Uses Python multiprocessing to maintain a pool of worker processes used to execute arbitrary terminal commands.

Why not use subprocess.Popen()?

Under the hood subprocess.Popen() uses os.fork(), which copies the currently running process' memory before launching the command you want to run. If your process uses a lot of memory, such as a Celery worker using an eventlet pool, this can cause a "Cannot allocate memory" error.

errand-boy still uses subprocess.Popen(), but tries to keep a low memory footprint. Your celery greenthread workers can communicate with it via asynchronous network calls.

Further reading:

  1. http://stackoverflow.com/a/13329386/241955
  2. http://stackoverflow.com/a/14942111/241955

Setup

Install:

pip install errand-boy

# optional pip install setproctitle

Usage

Run tests:

cd errand-boy/
python -m unittest discover

Run server:

python -m errand_boy.run

Run client (useful for testing/debugging):

python -m errand_boy.run 'ls -al'

Use the client in your code:

from errand_boy.transports.unixsocket import UNIXSocketTransport


errand_boy_transport = UNIXSocketTransport()

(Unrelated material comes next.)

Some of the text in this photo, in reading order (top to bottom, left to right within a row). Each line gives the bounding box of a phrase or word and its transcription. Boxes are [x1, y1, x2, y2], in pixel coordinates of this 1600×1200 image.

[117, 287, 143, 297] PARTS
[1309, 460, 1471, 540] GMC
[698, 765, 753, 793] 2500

stdout, stderr, returncode = errand_boy_transport.run_cmd('ls -al')

print stdout
print stderr
print returncode

Use a subprocess.Popen-like interface:

from errand_boy.transports.unixsocket import UNIXSocketTransport


errand_boy_transport = UNIXSocketTransport()

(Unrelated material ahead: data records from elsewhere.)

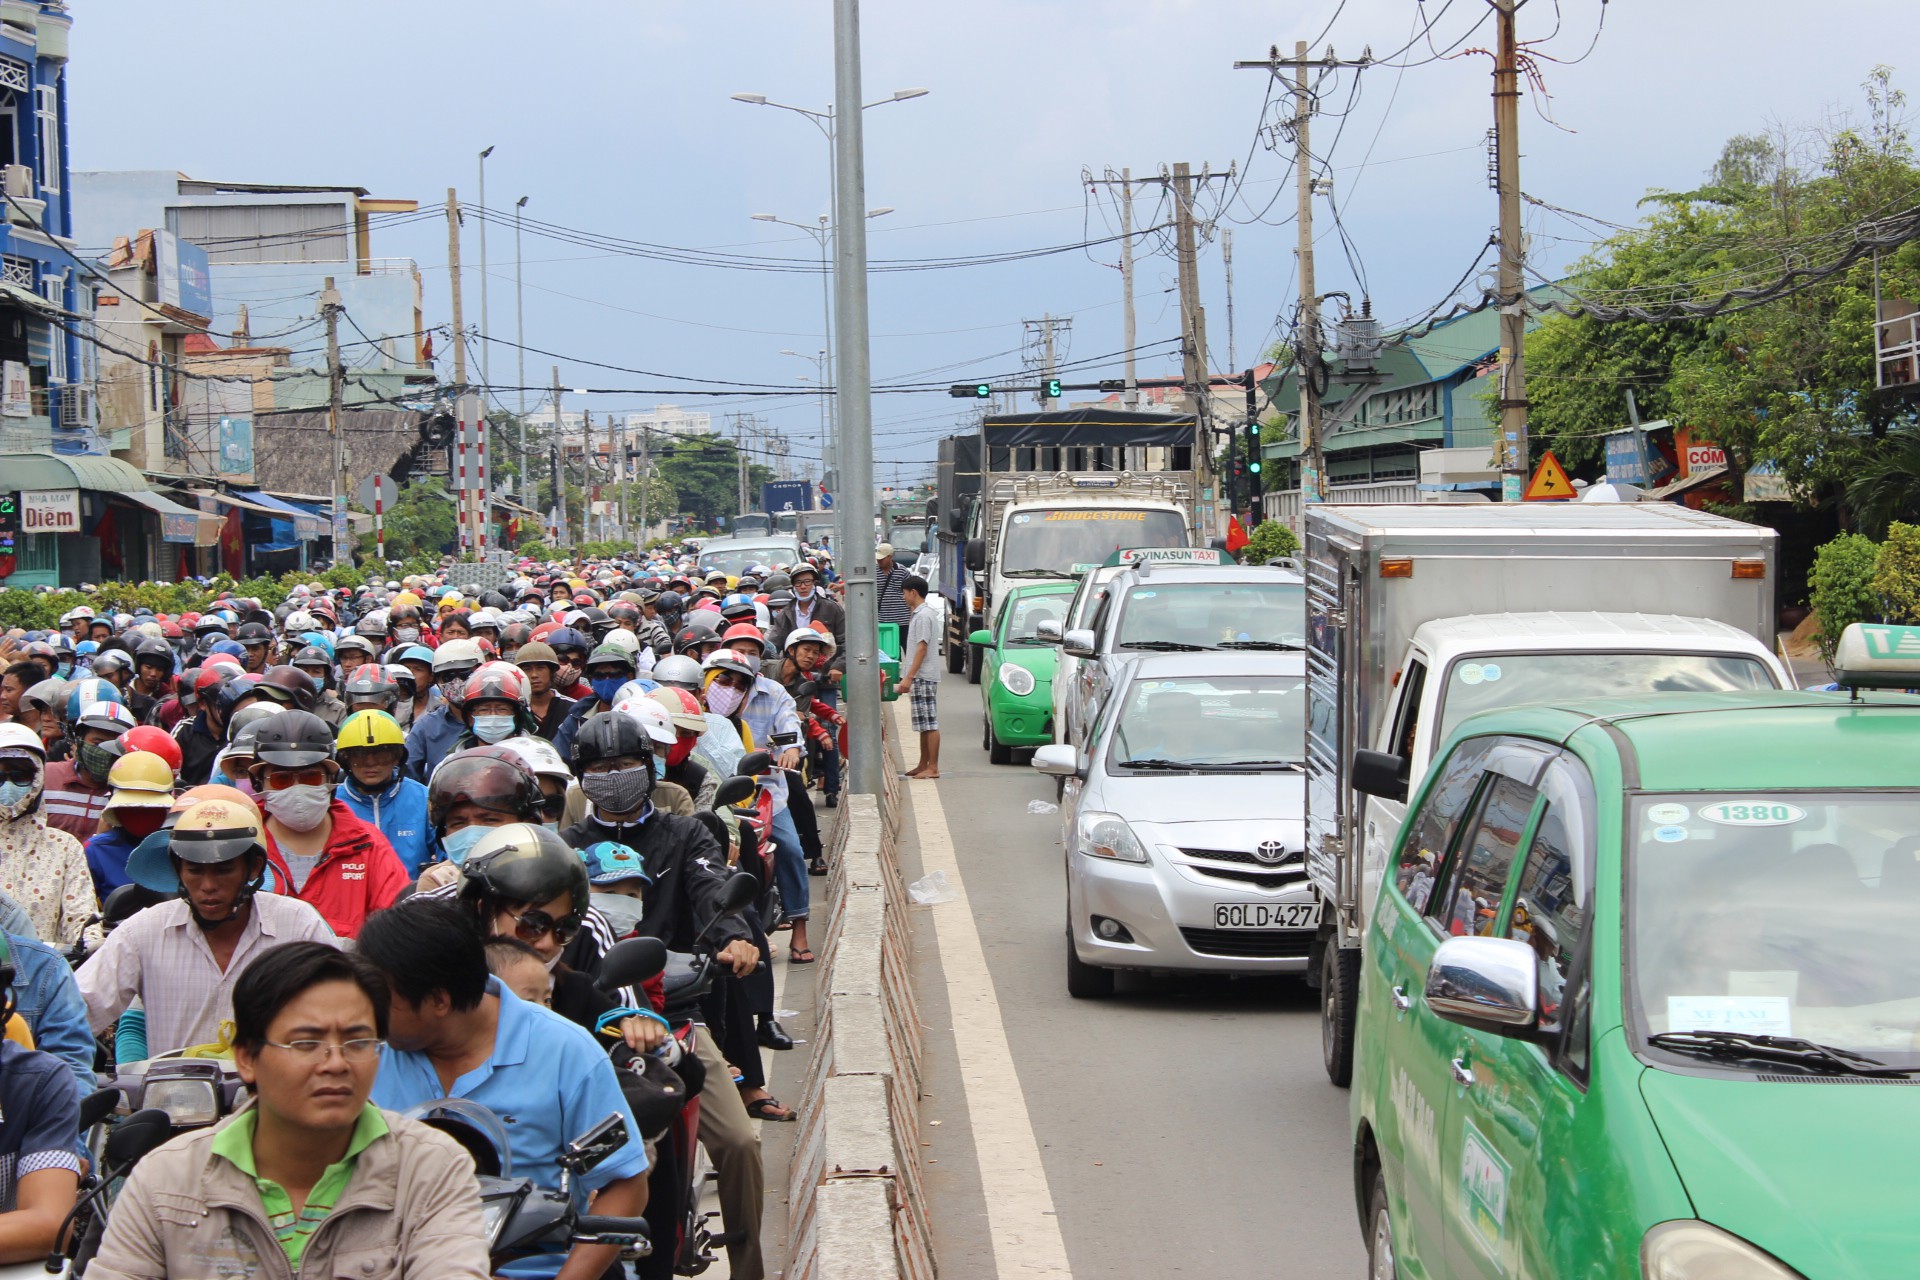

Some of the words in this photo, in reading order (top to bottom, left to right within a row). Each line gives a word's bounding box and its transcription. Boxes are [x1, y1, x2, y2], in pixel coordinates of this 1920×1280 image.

[783, 501, 793, 511] 45
[1045, 511, 1147, 521] BRIDGESTONE
[1142, 550, 1192, 560] VINASUN
[1193, 550, 1216, 560] TAXI
[1717, 805, 1790, 821] 1380
[342, 872, 366, 880] SPORT

# Attribute accesses and function calls on objects retrieved via a session
# result in a call to the errand-boy server, unless that object is a string
# or number type.
with errand_boy_transport.get_session() as session:
    subprocess = session.subprocess

    # Here, subprocess.Popen is actually a reference to the actual objects
    # on the errand-boy server. subprocess.PIPE is an int.
    process = subprocess.Popen('ls -al', stdout=subprocess.PIPE, stderr=subprocess.PIPE, shell=True, close_fds=True)

    # Here, process_stdout and process_stderr are strings and returncode is
    # an int, so their actual values are returned instead of references to
    # the remote objects. This means it's safe to use these values later on
    # outside of the current session.
    process_stdout, process_stderr = process.communicate()
    returncode = process.returncode

print stdout
print stderr
print returncode

# Since the session has been closed, trying this will result in an error:
print process.returncode
# raised errand_boy.exceptions.SessionClosedError()

Run load tests:

python -m errand_boy.run --max-accepts=0

pip install Fabric locustio
cd errand-boy/
fab locust_local

Does it work in other languages?

The client/server use an HTTP-inspired protocol, but the data that's sent back and forth is currently serialized using Python's Pickle format. Support could be added for other serialization types though.